Die Täter sollen zum Tatzeitpunkt rund zwei Promille Atem-Alkohol gehabt haben und konnten erst nach ihrer Ausnüchterung am Sonntag vernommen werden. Dabei gaben sie keine Gründe für die Tat an. Die beiden Jugendlichen seien der Polizei bereits wegen anderer Delikte, dem Staatsschutz aber nicht als Teil der rechtsextremen Szene in Magdeburg bekannt. Ihnen werden gefährliche Körperverletzung und Beleidigung vorgeworfen.
Innenminister Holger Hövelmann (SPD) verurteilte die Tat. "Die Jugendlichen haben ein völlig verschobenes Wertebild, wenn sie überhaupt eins haben; Respekt und Ansehen anderer Menschen scheint zumindest bei einem Teil der Jugendlichen nicht gegeben", sagte Hövelmann der Deutschen Presse-Agentur dpa. Er bedauere, "die Politik hat keinen Schalter, den man umlegt und die Menschen sind ab morgen vernünftig." Mit Blick auf die Wertesituation in Sachsen-Anhalt stehe der Politik ein «jahrelanger Weg mit langem Atem» bevor. "Wir sind leider keiner Ausnahme in Deutschland, was das Stattfinden solche Verbrechen und Ereignisse angeht", sagte der Innenminister.

Prozess begann am Montag

In der Nacht vom 25. auf den 26. August 2007 gegen 1 Uhr 30 wurde unter ähnlichen Umständen ein 36jähriger Iraker in Magdeburg an der Haltestelle Klosterwuhne, wo er  auf dem Weg nach Hause auf die Straßenbahn wartete, von einem
Rechtsextremen angegriffen. Martin S. ging plötzlich auf den Flüchtling los und beleidigte ihn zunächst mit rassistischen Sprüchen. Dann folgte tätliche Gewalt.

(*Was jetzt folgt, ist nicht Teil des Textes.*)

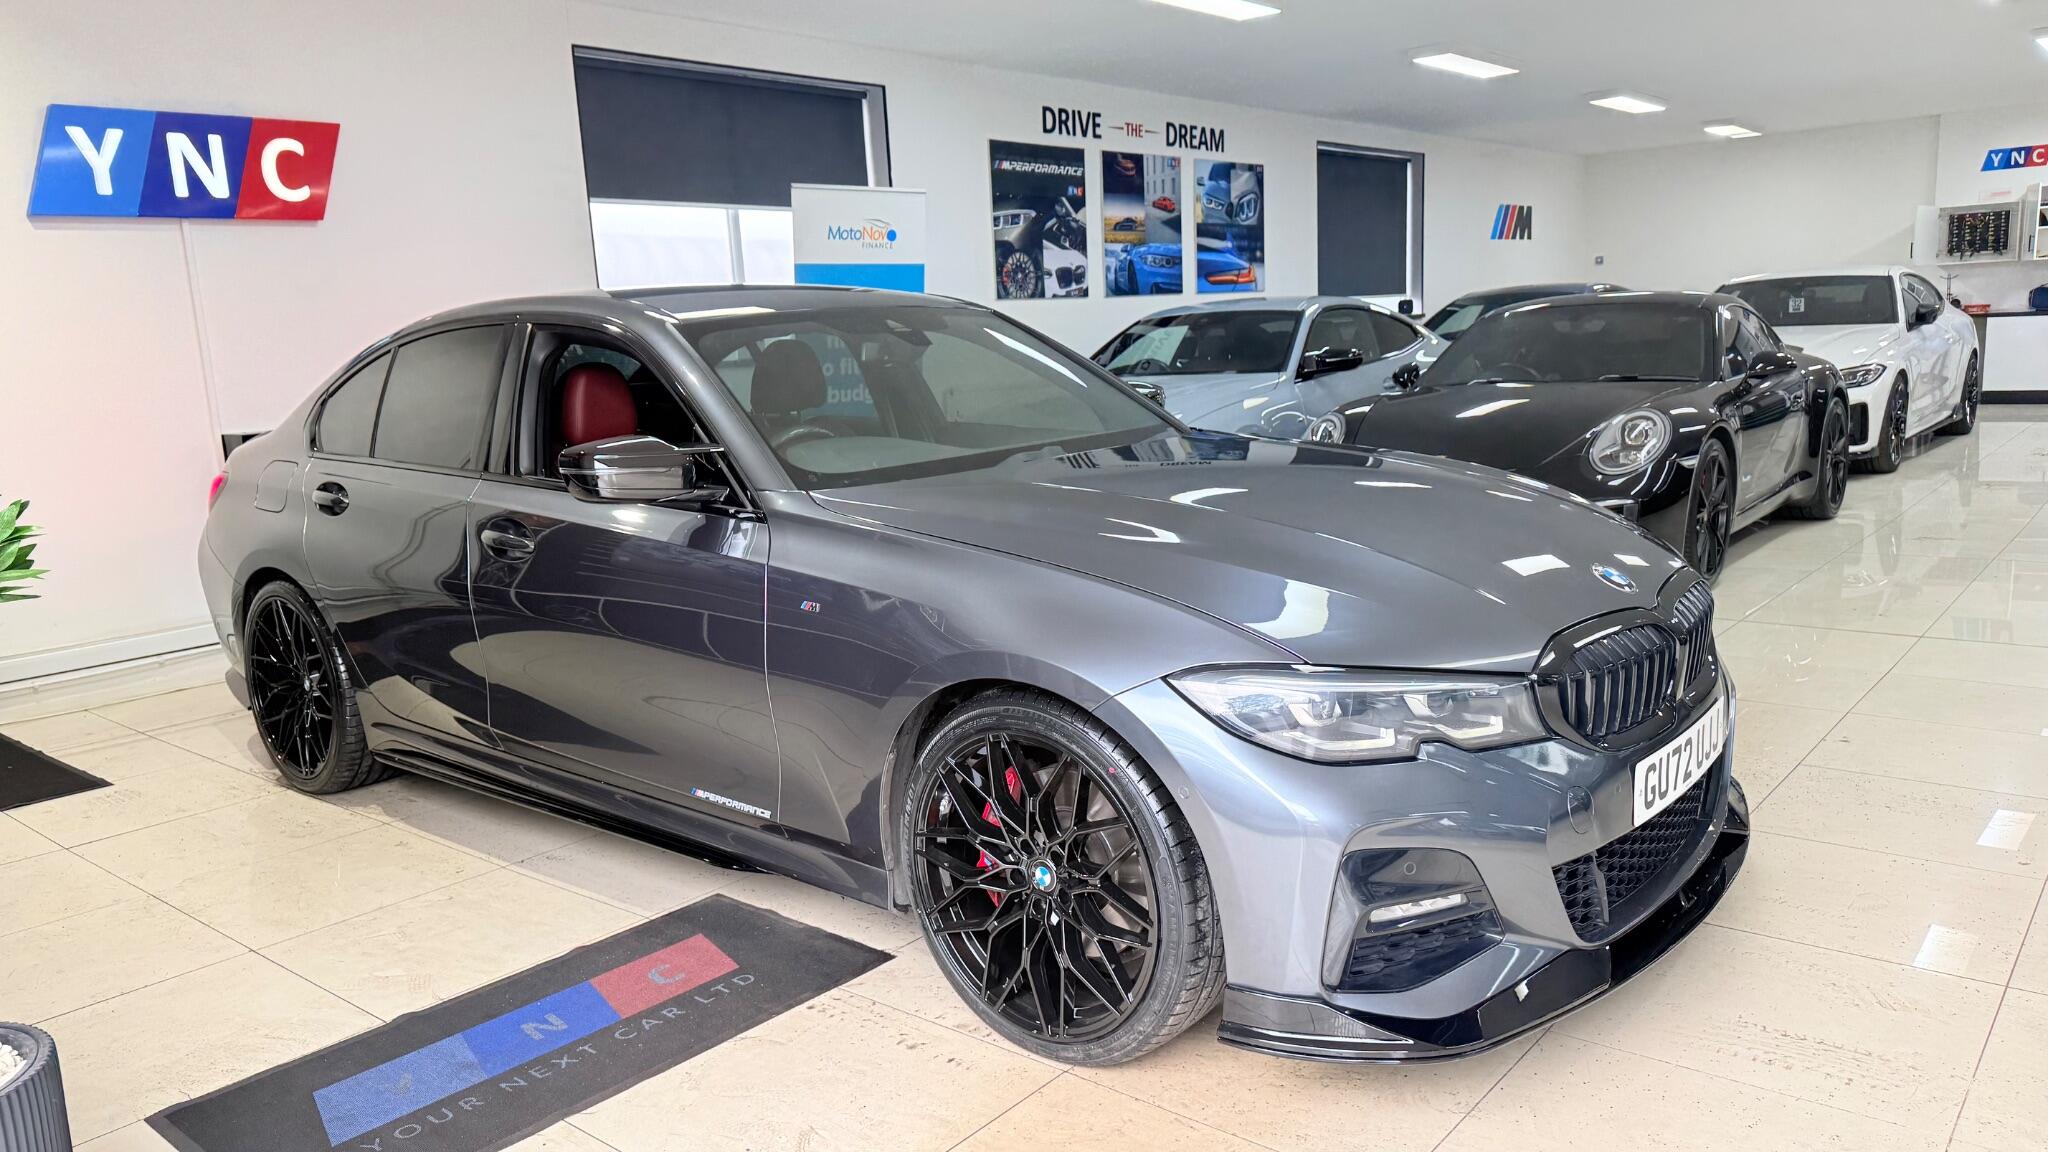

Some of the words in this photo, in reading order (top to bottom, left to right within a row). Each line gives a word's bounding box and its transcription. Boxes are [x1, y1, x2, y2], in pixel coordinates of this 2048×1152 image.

[1042, 105, 1102, 139] DRIVE
[1125, 122, 1143, 138] THE
[1166, 121, 1225, 152] DREAM
[1990, 148, 2045, 167] YNC
[64, 125, 311, 203] YNC
[861, 242, 894, 250] FINANCE
[1644, 736, 1693, 811] GU72
[1696, 707, 1720, 770] UJJ
[360, 1096, 484, 1152] YOUR
[498, 1042, 598, 1092] NEXT
[614, 1006, 686, 1040] CAR
[694, 973, 755, 1004] LTD

Der Betroffene konnte die ersten Schläge abwehren, woraufhin der Täter verschwand. Er kehrte jedoch kurze Zeit später mit einem großen Hund  zurück, den er auf den Betroffenen hetzte. Dieser versuchte zu fliehen,  wurde jedoch von dem Hund zu Fall gebracht und stürzte zu Boden. Während  er versuchte, sich gegen die Bisse des Hundes zu wehren, schlug der Angreifer mit einer Holzfackel auf ihn ein.

Erst als nach ca. 15 Minuten  eine Frau aus einem nahegelegenen Imbiss herauskam, die Situation  erkannte und anfing laut zu schreien, ließ Martin S. von seinem Opfer ab und flüchtete. Der Betroffene musste aufgrund seiner Verletzungen an Kopf, Nacken,  Rücken und Beinen im Olvenstedter Krankenhaus ambulant behandelt werden.

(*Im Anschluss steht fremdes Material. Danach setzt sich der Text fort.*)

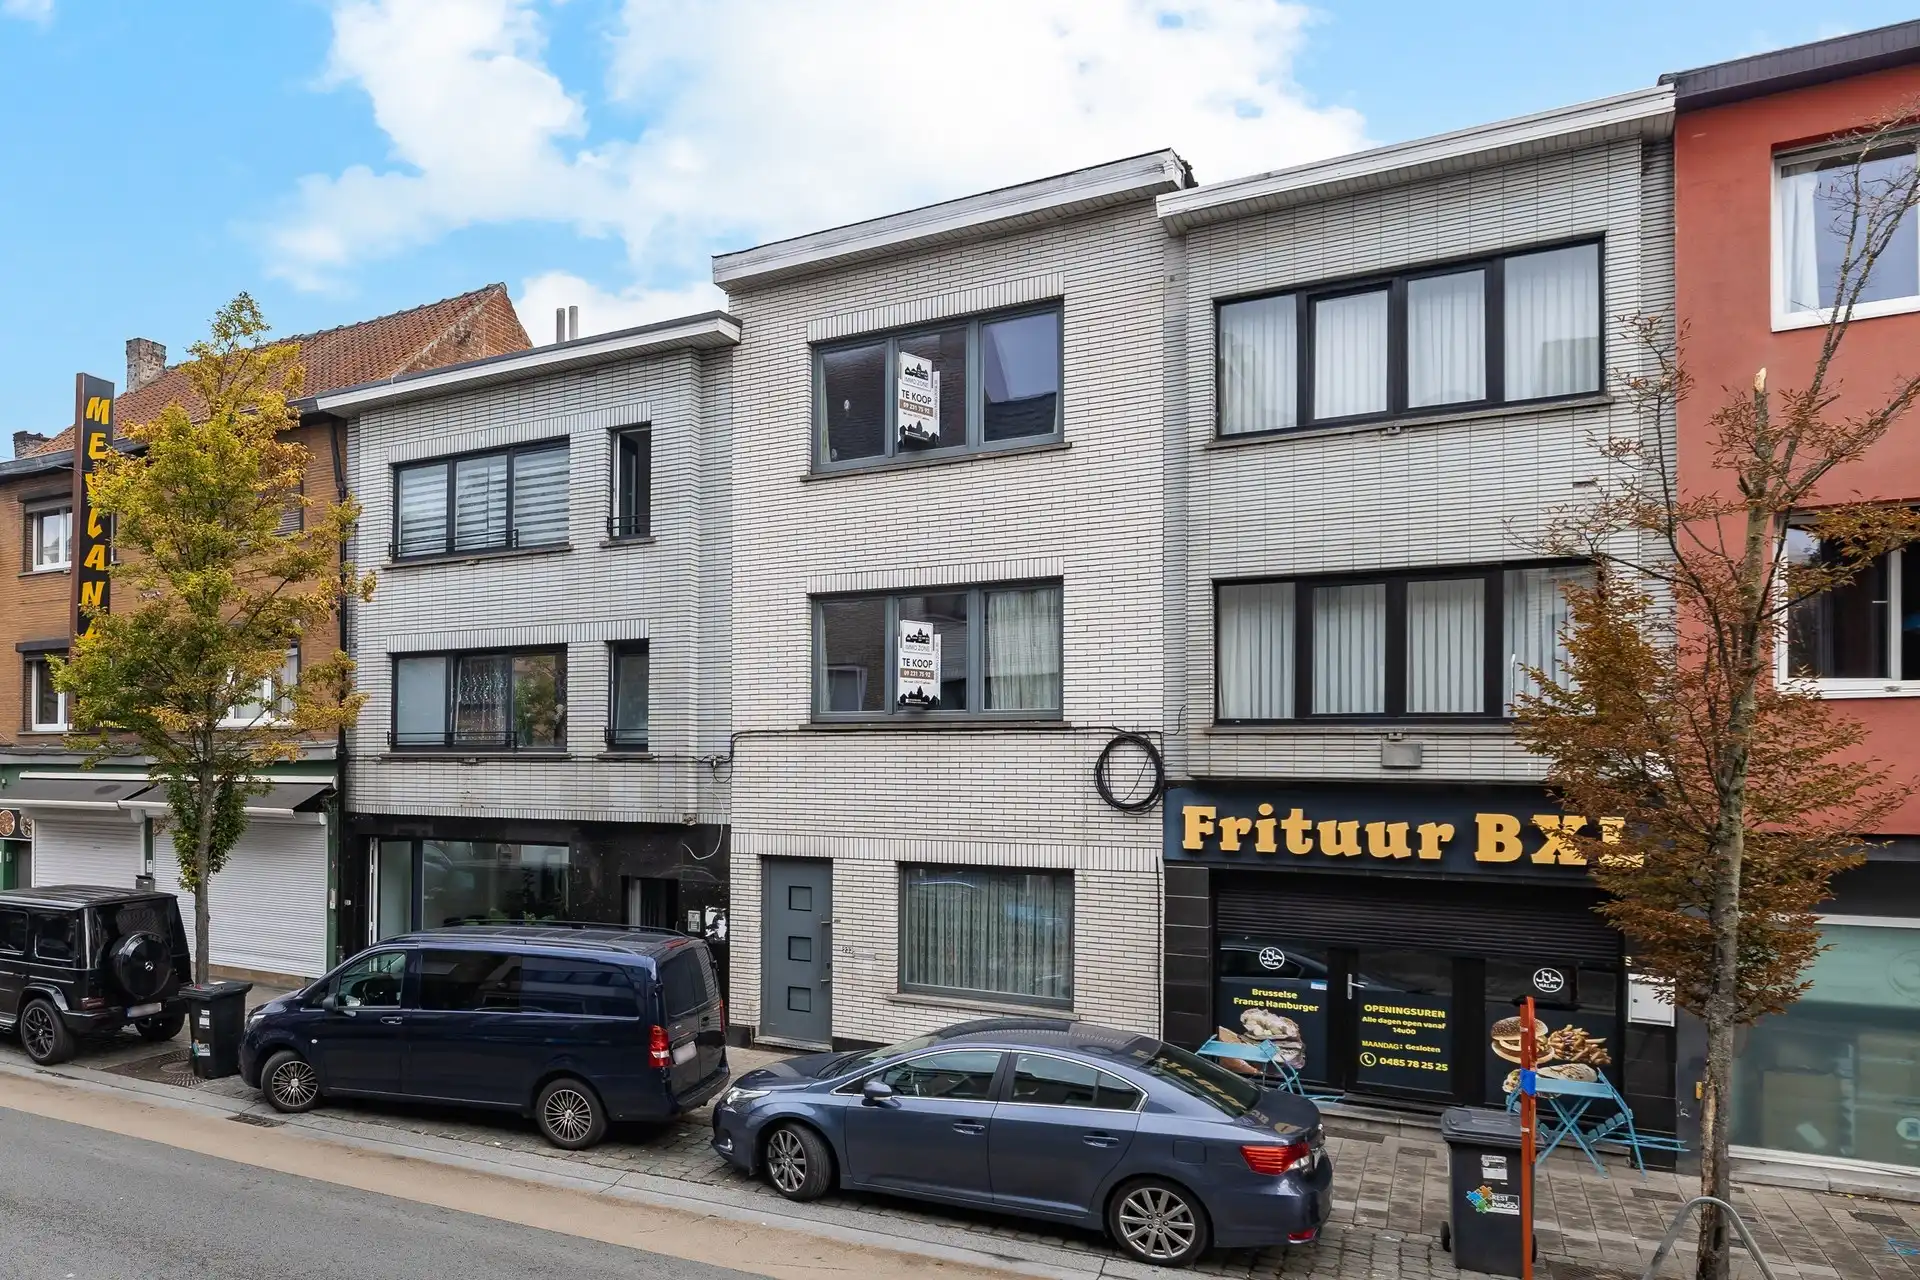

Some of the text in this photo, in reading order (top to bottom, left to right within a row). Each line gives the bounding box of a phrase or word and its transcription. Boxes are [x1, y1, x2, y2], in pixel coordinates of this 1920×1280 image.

[902, 390, 932, 404] TE KOOP
[902, 658, 933, 668] TE KOOP
[1181, 803, 1455, 860] Frituur
[1252, 988, 1298, 999] Brusselse
[1233, 997, 1319, 1012] Franse Hamburger
[1364, 1004, 1446, 1018] OPENINGSUREN
[1405, 1044, 1441, 1053] Gesloten
[1380, 1057, 1448, 1071] 0485 78 25 25

"Dieser Angriff zeugt von einer erschreckenden Brutalität. Die  ausländerfeindliche und menschenverachtende Einstellung des Täters kommt  hier ganz deutlich zum Ausdruck. Der Betroffene ist traumatisiert und  vermeidet es, in die Gegend des Tatortes zu fahren.", so eine Sprecherin  der Mobilen Beratung für Opfer rechter Gewalt. Die Polizei konnte Martin S. wenige Tage später, nach einem Raubüberfall  gemeinsam mit einem Freund aus der rechten Szene, verhaften. Der  Magdeburger ist der Polizei seit mehreren Jahren u.a. wegen  Volksverhetzung, dem Tragen verfassungswidriger Symbole und  Körperverletzungen bekannt und ist bereits einschlägig vorbestraft.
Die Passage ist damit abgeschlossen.